What was I besides the strength of my shadow?
I climbed up on the trains and tossed down coal.
The wind blew and merged with me, my childhood and my life, my passions and transgressions.
Even if they weren't gold, the trinkets glittered.
I often wonder how unpenitent people could live under a sky.
It was that kind of Tatyana I had come to be.
Let my father say as many harsh and stupid things as he likes,
but the skin of my hands was like fine snow.
Beloved Jug of Cream
It's cold: we must revise our dreams,
but abidingly and still perceptibly.
Oh I fell in love, and your father's mouth
made me sad, being utterly, sensing
and gripping, in prayer, but far,
far above. Suddenly, everything is different:
what was yellow is yellow, your eyes
of Silesia, pernickety, and speaking to me
in a way we've never spoken yet.
I'm quite certain, and I say this to you,
now, as an echo of that morning
when we walked among our senile teachers.

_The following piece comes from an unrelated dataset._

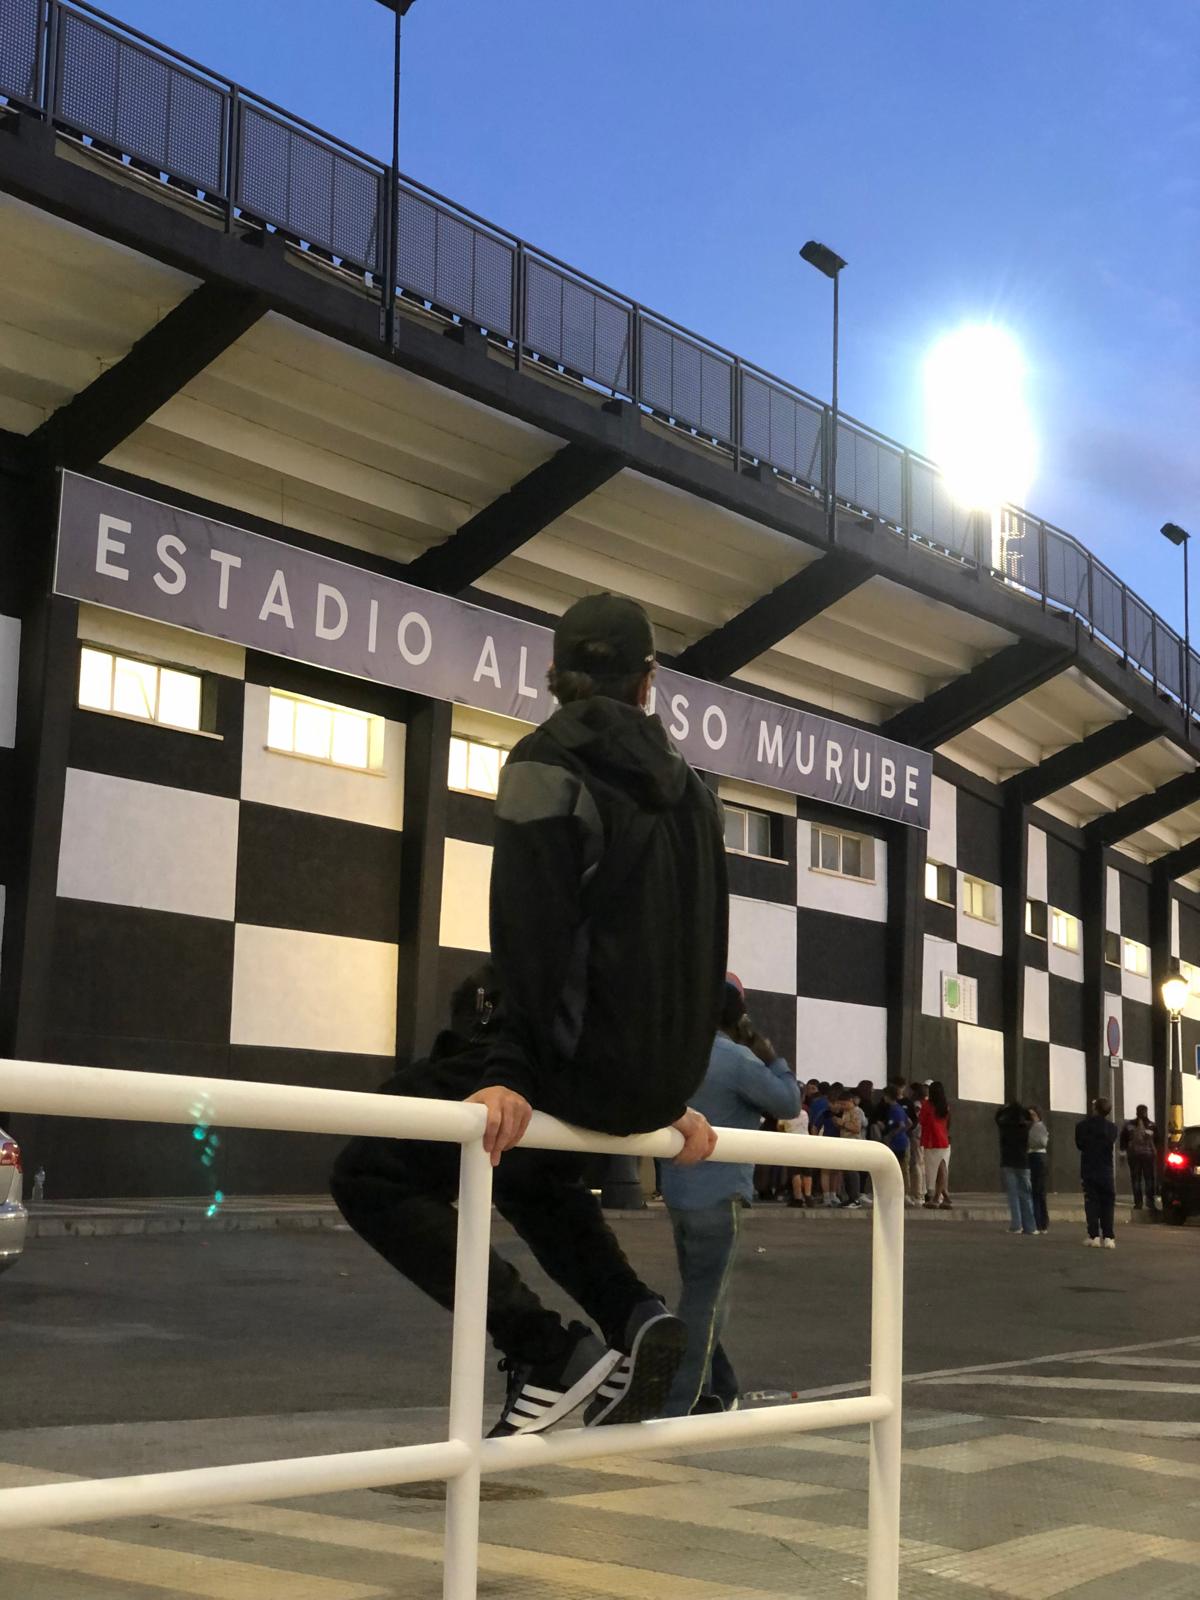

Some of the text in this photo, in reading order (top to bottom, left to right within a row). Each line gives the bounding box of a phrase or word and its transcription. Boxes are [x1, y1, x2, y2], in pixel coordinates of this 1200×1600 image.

[96, 513, 919, 807] ESTADIO ALSO MURUBE
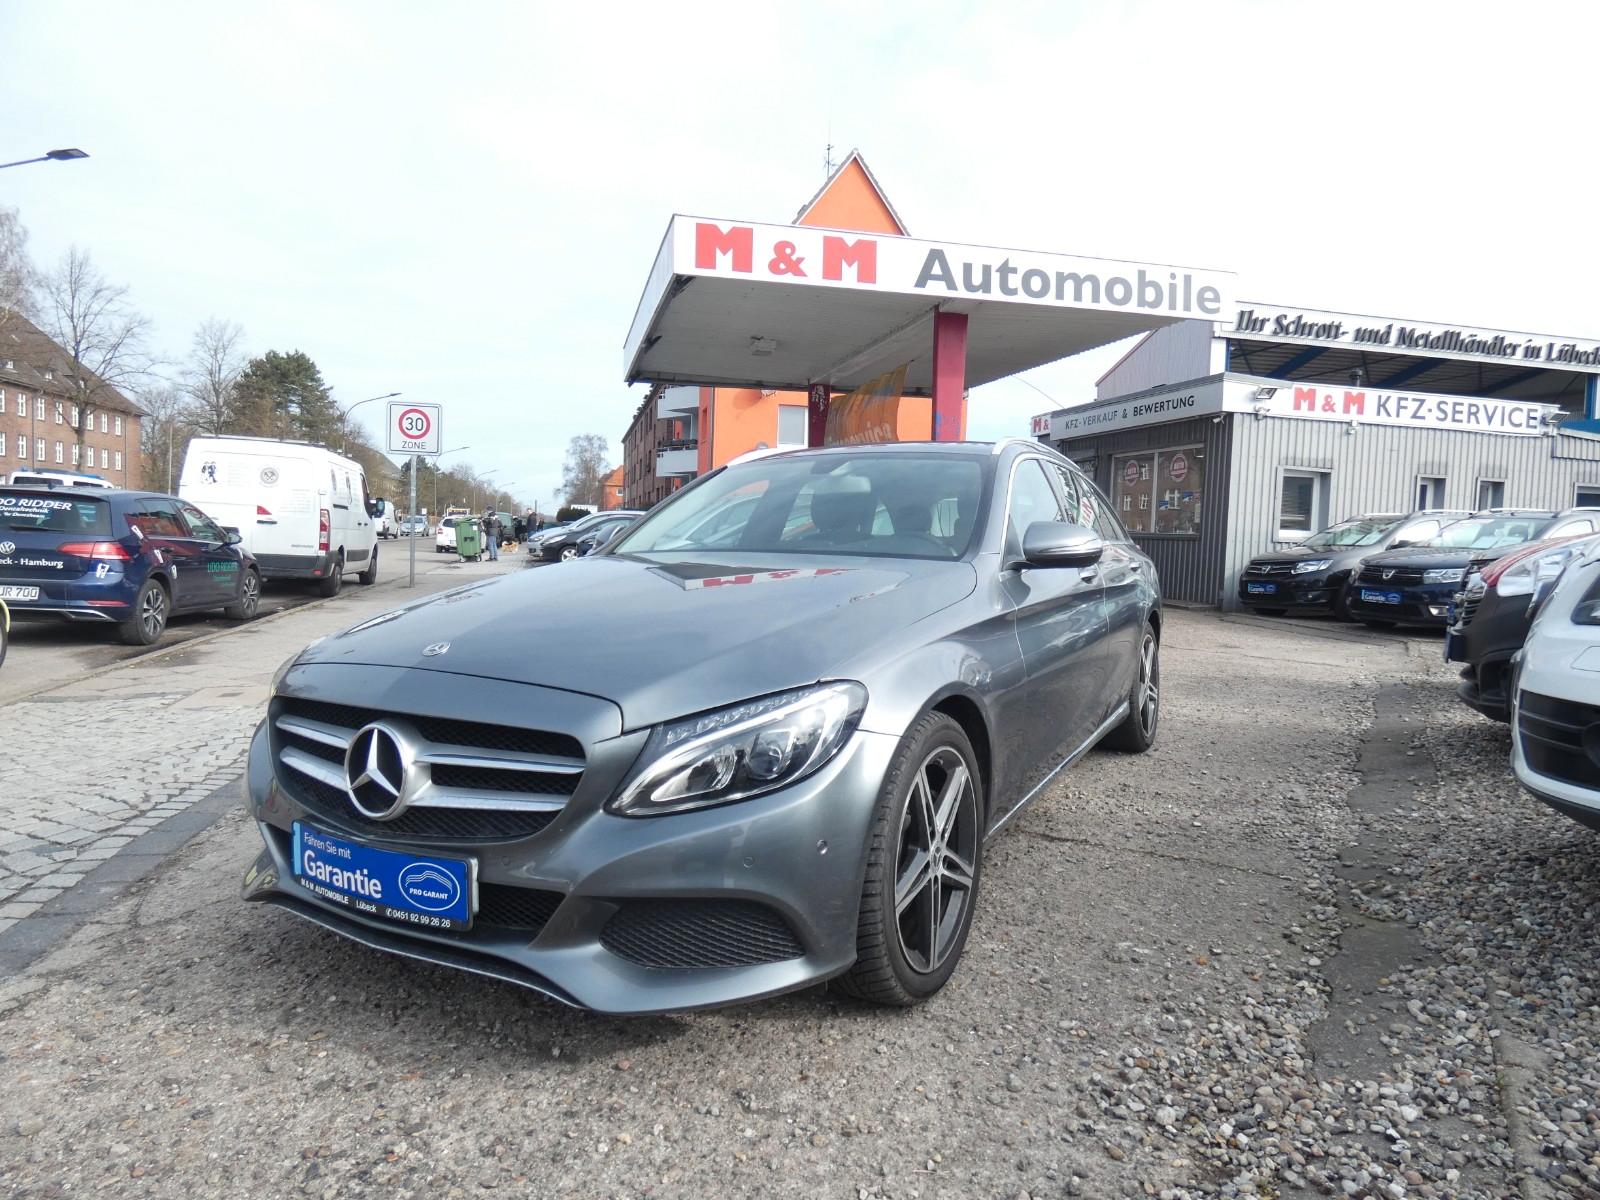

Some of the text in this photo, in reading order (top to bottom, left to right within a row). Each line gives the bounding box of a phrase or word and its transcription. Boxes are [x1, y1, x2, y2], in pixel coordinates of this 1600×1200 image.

Which reminds me: do you like dogs,
or can't you? I infinitely prefer
the smallest hour, and the evenings,
when I always change into nice clothes.
But the good and the awkward slide
together, each night brings the universe,
such resemblances; I am too young
and you too imperilled, which causes
tears - hot, heavy tears. Soon it will be
August, the month we longed for
so much, and I can't help thinking
through the medium of other people's
words, as if they had been written
in freedom, sleeves rolled up, collar open.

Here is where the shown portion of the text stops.